Delayed or reduced used of perinatal care services such as antenatal care, such as vaccinations during pregnancy results in poorer outcomes for both mother and baby. Research shows that pregnant women from underserved groups (minority ethnic backgrounds, socio-economically disadvantaged areas, young mothers, and those with complex social lives) are less likely to use perinatal care. These groups are also at higher risk of poorer outcomes and complications in pregnancy.

The decision to seek and actively engage in care is a complex phenomenon, dependent not simply on the availability of knowledge, but rather on various social, cultural, and contextual factors, for example, trust in healthcare providers, narratives in social media. With rapid reconfiguration of services and mixed messaging, the Covid-19 pandemic has made it even harder for women from these underserved groups to navigate the complex NHS care structure, and to receive care.       



Pregnant woman stomach

Project aims

The aim of the project is to understand how a health system shock such as the Covid-19 pandemic impacts women seeking care, demonstrated by pregnant women from underserved groups in a diverse, inner-city population of south London. The specific objectives are:

  1. Use routinely-collected clinical data to quantify differences in delayed or reduced care seeking behaviour between different underserved groups;
  2. Explore how broader lifecourse social and environmental factors influence differences in care seeking behaviour of pregnant women during a health system shock;
  3. To understand women’s embeddedness and engagement with health systems and social structures, and to contribute to policy development to improve care seeking behaviour.

How this research will be carried out?

This project will use a mixed methods design and will comprise the following components:

1. A systematic literature review to consolidate and synthesise existing literature on care-seeking behaviour, specifically facilitators and barriers to women identifying themselves as viable candidates to seek care.

2. Quantitative analysis using the eLIXIR, Born in South London database to investigate comparative rates of use between different groups, in pre- during- and para-pandemic periods. The database contains linked, routinely collected maternal and neonatal health records, primary care data, and socio-demographic information from women giving birth at two acute NHS hospitals in south London and is representative of the local population.

3. Qualitative exploration using participatory appraisal activities and in-depth interviews to elaborate on statistical findings. In this component, the project aims to explore in detail, women's experiences with seeking care, nuanced social and cultural factors that impact their decision making, and changes that needs to be made to increase uptake and use.

How will patients and the public be involved?

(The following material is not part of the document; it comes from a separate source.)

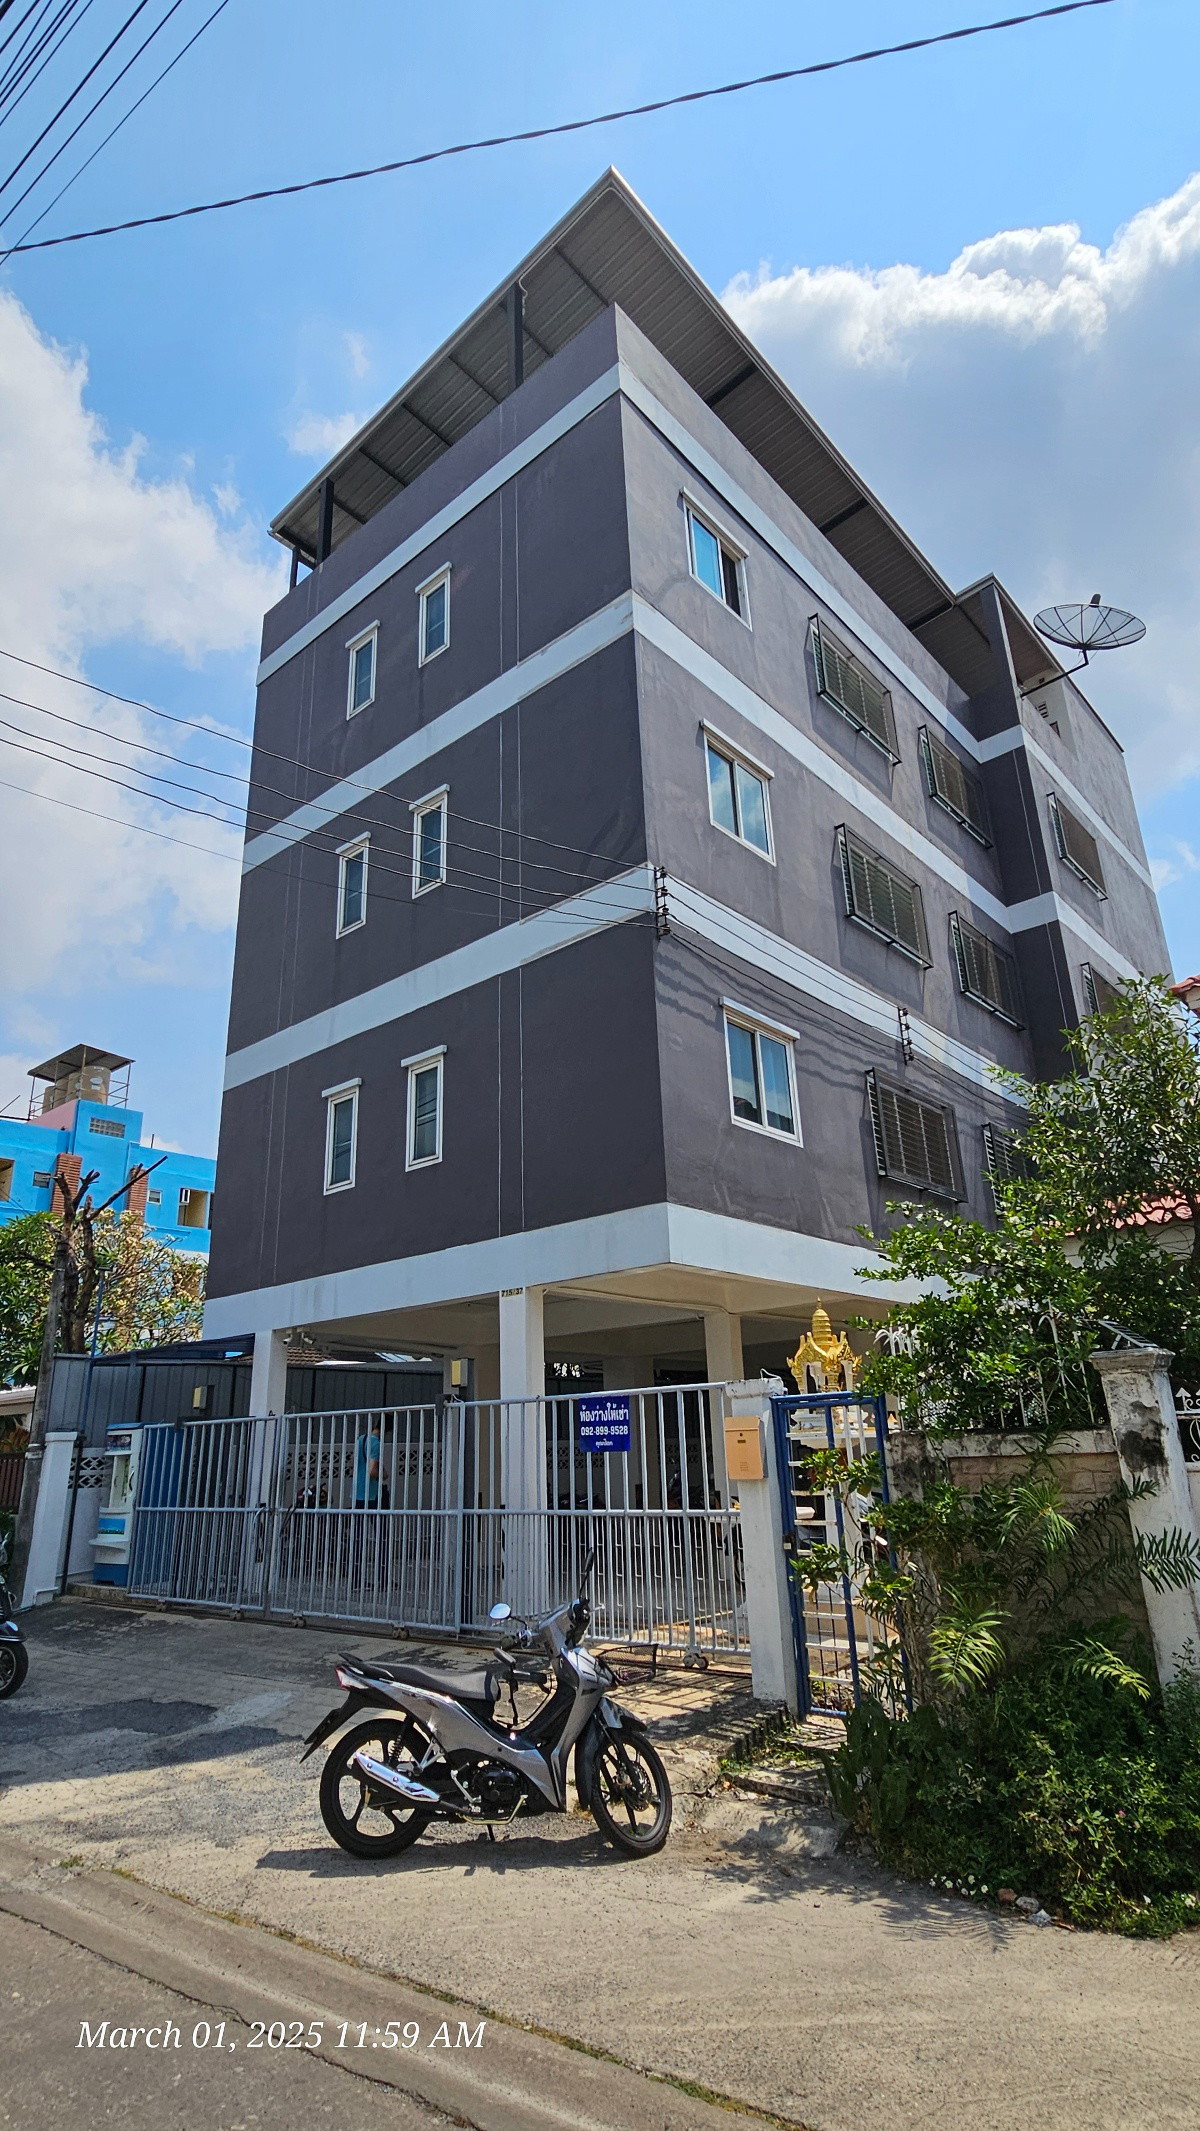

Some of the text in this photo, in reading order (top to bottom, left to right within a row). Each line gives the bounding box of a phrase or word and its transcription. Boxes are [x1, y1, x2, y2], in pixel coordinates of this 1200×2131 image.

This project will benefit from strong links to the project specific patient and public involvement and engagement (PPIE) groups of the eLIXIR study and the ARC South London adopted RESILIENT study, both of which comprises women from underserved groups who have given birth in south London, have lived experience of accessing complex care during pregnancy, and are passionate about supporting research in maternal health inequalities. The project will be presented to these groups at regular intervals to help guide the research process and ensure relevance of the methods and results. Additionally, selected patients and the public will be involved in co-production of research in the qualitative component of this project, through participatory appraisal methods.

Potential benefits of the study

The findings of this project will be used to better target interventions and to develop a more patient-centred and culturally-competent service, for pregnant women from underserved groups who we know are at risk of poorer health outcomes, and thereby reduce the health inequality gap. By actively engaging with the community, this project hopes to critically examine and shift the narrative on social and racial inequality in healthcare and help us to envision a better future for maternity services in a diverse inner-city population.

This project is funded by Tisha Dasgupta’s Doctoral training grant from the Economic and Social Science Research Council and the London Interdisciplinary Social Science Doctoral Training Partnership [ES/P00703/1]. It was adopted by ARC South London in February 2023 and will be completed by September 2028.